Cremonini e il compleanno speciale (in casa)
Cremonini festeggia i 40 anni tra musica, amore e un pensiero a chi è in corsia
Non immaginava certo di festeggiarli così i suoi 40 anni: chiuso in casa con Martina e brindando con gli amici sul web . Ma per Cremonini quello di domani sarà lo stesso un compleanno «speciale».
Sono giorni bislacchi e bui, ma ad accenderne qualche attimo a casa Cremonini domani ci saranno 40 candeline. Resterà un compleanno memorabile, a prescindere. Concorda, Cesare?
«Sicuramente indimenticabile. Voglio dare un senso più profondo a questo compleanno. I 40 hanno già un significato nella vita delle persone, ma questi ancora di più. Non mi sarei mai aspettato di festeggiarli così, in maniera più raccolta, in casa, con la mia fidanzata. Ma oggi, seguire le regole che ci sono state date è anche un modo di far bene agli altri. Non ho nessuna nostalgia della festa di compleanno che avevo sognato. Ci sarà tempo e spero modo per festeggiarlo come si deve».
Per domani?
«Ho organizzato una videochat con una cinquantina di persone per fare un brindisi di gruppo via web. Il coronavirus una cosa ce l’ha insegnata: cercare di arrangiarci con la tecnologia per mandare avanti le nostre vite».

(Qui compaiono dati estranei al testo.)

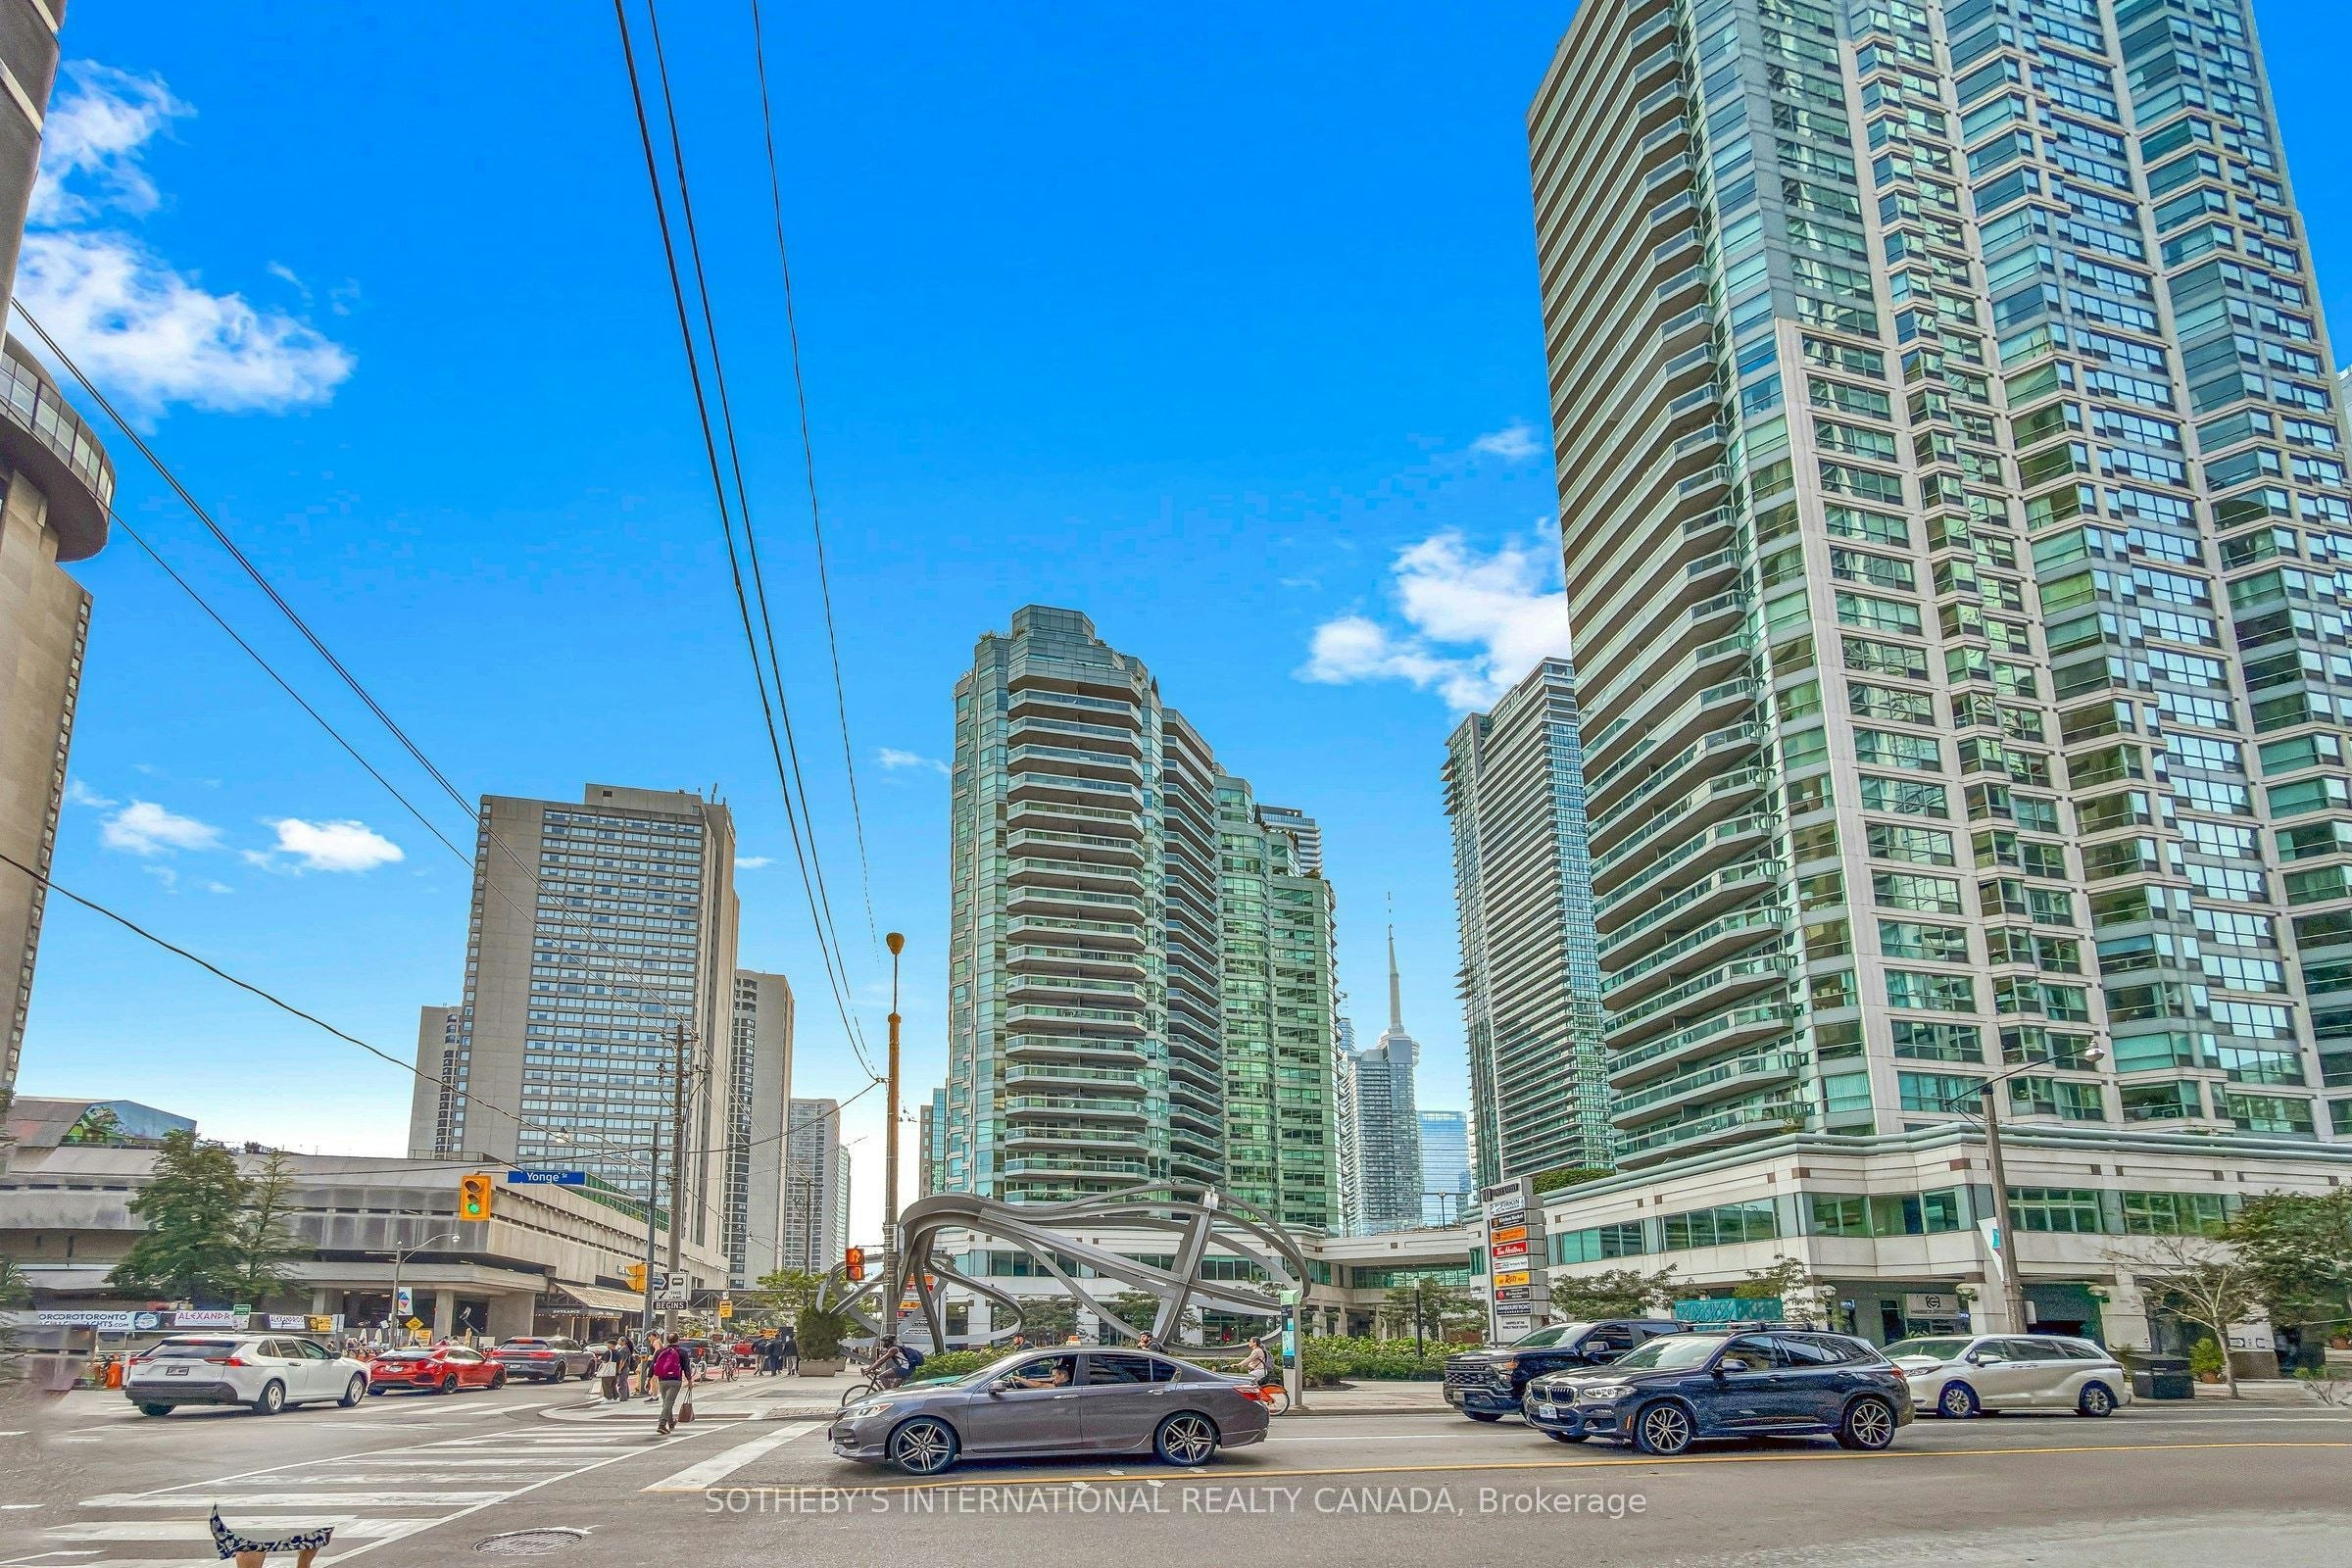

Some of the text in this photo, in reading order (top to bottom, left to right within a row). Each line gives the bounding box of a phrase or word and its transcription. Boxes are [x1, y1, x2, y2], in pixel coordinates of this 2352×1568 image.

[526, 1172, 560, 1184] Yonge
[1482, 1188, 1493, 1202] 10
[1505, 1246, 1524, 1254] Hortons
[177, 1311, 233, 1320] ALEXANDR
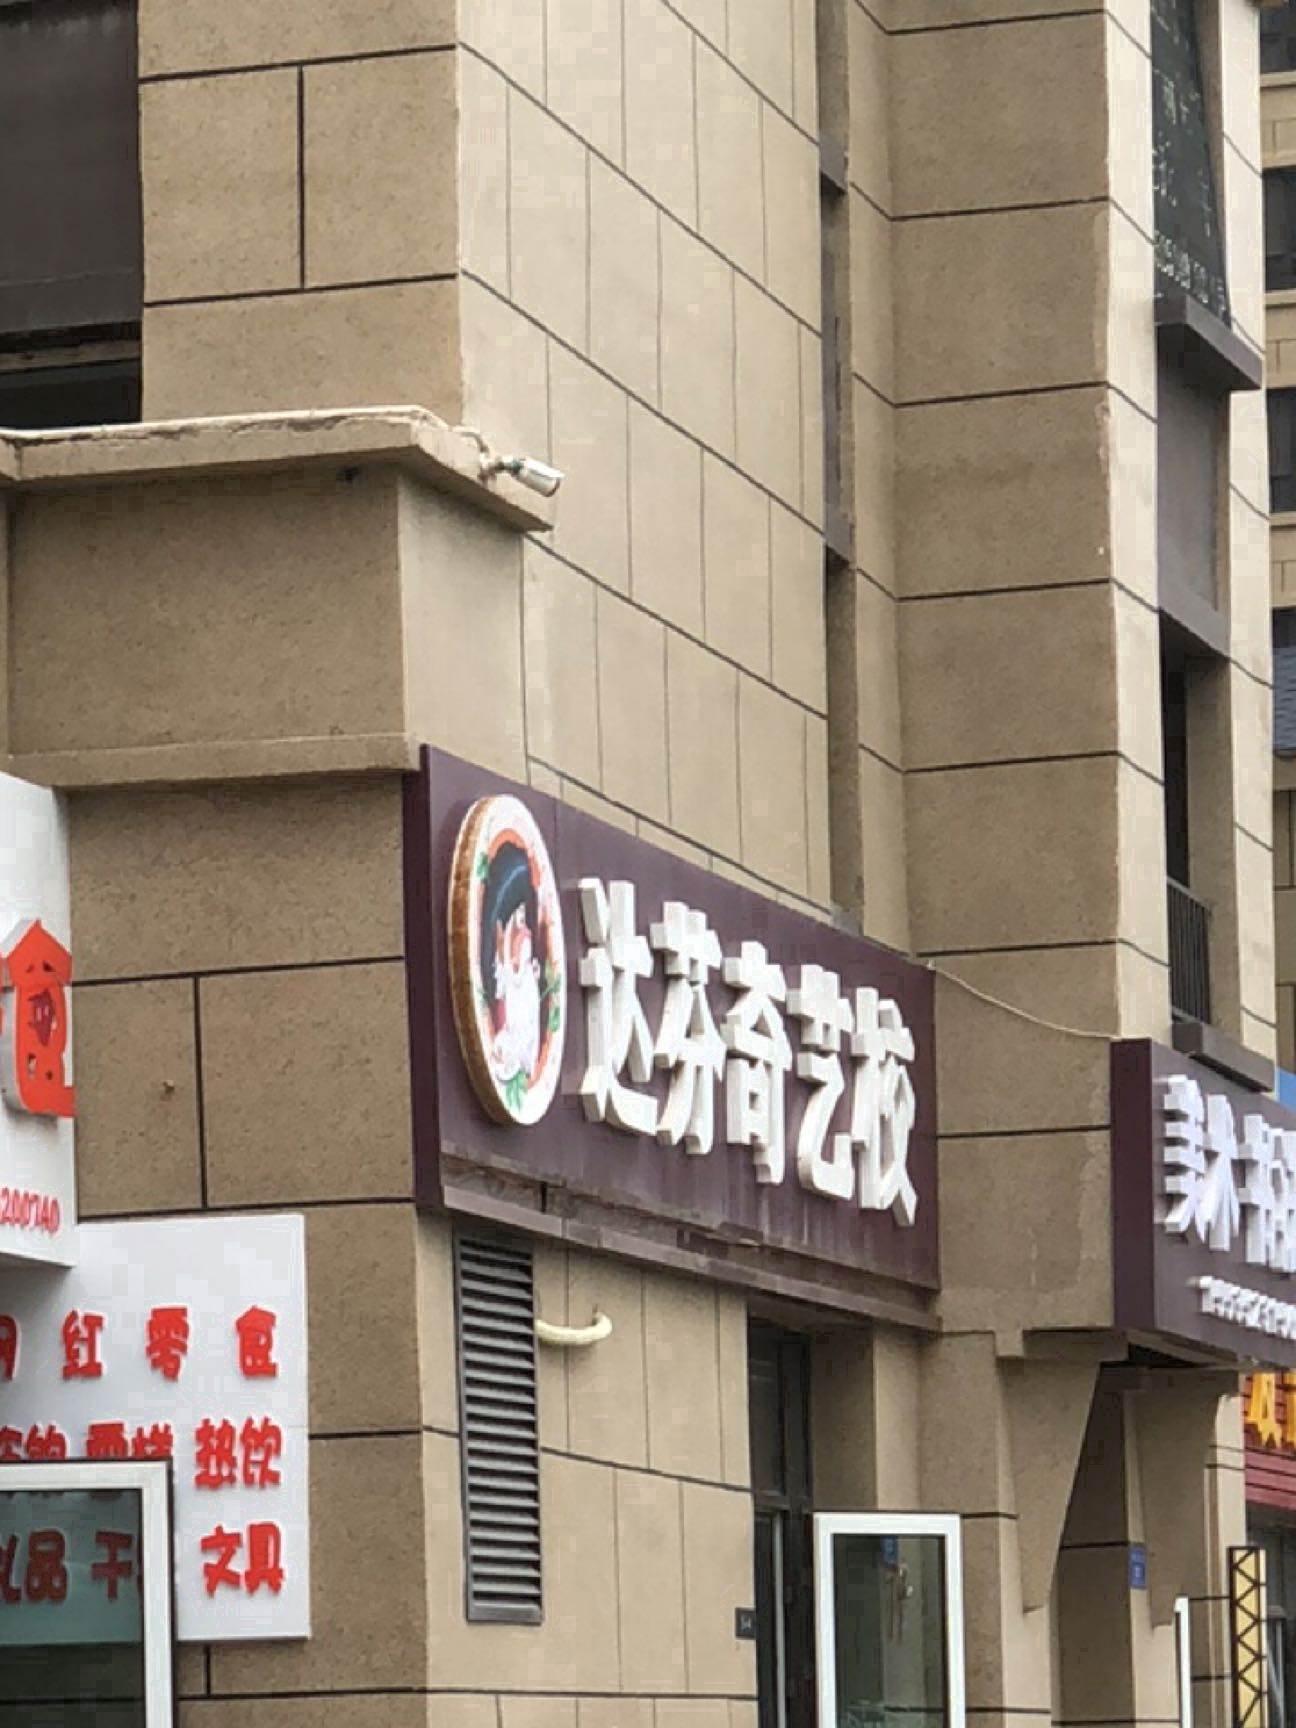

Che regalo le piacerebbe ricevere?
«Diciamo che il regalo più bello l’ho già ricevuto: vedere la mia ragazza che in questa situazione si è data da fare assieme a me per andare avanti e per gestire la vita in casa, un’abitudine sconosciuta prima... la vita domestica non ha mai fatto tanto per me. Invece ora sono in casa con un amore, e questo è il regalo migliore che potessi ricevere, anche alla luce del fatto che tanti sono rimasti in casa forzatamente da soli».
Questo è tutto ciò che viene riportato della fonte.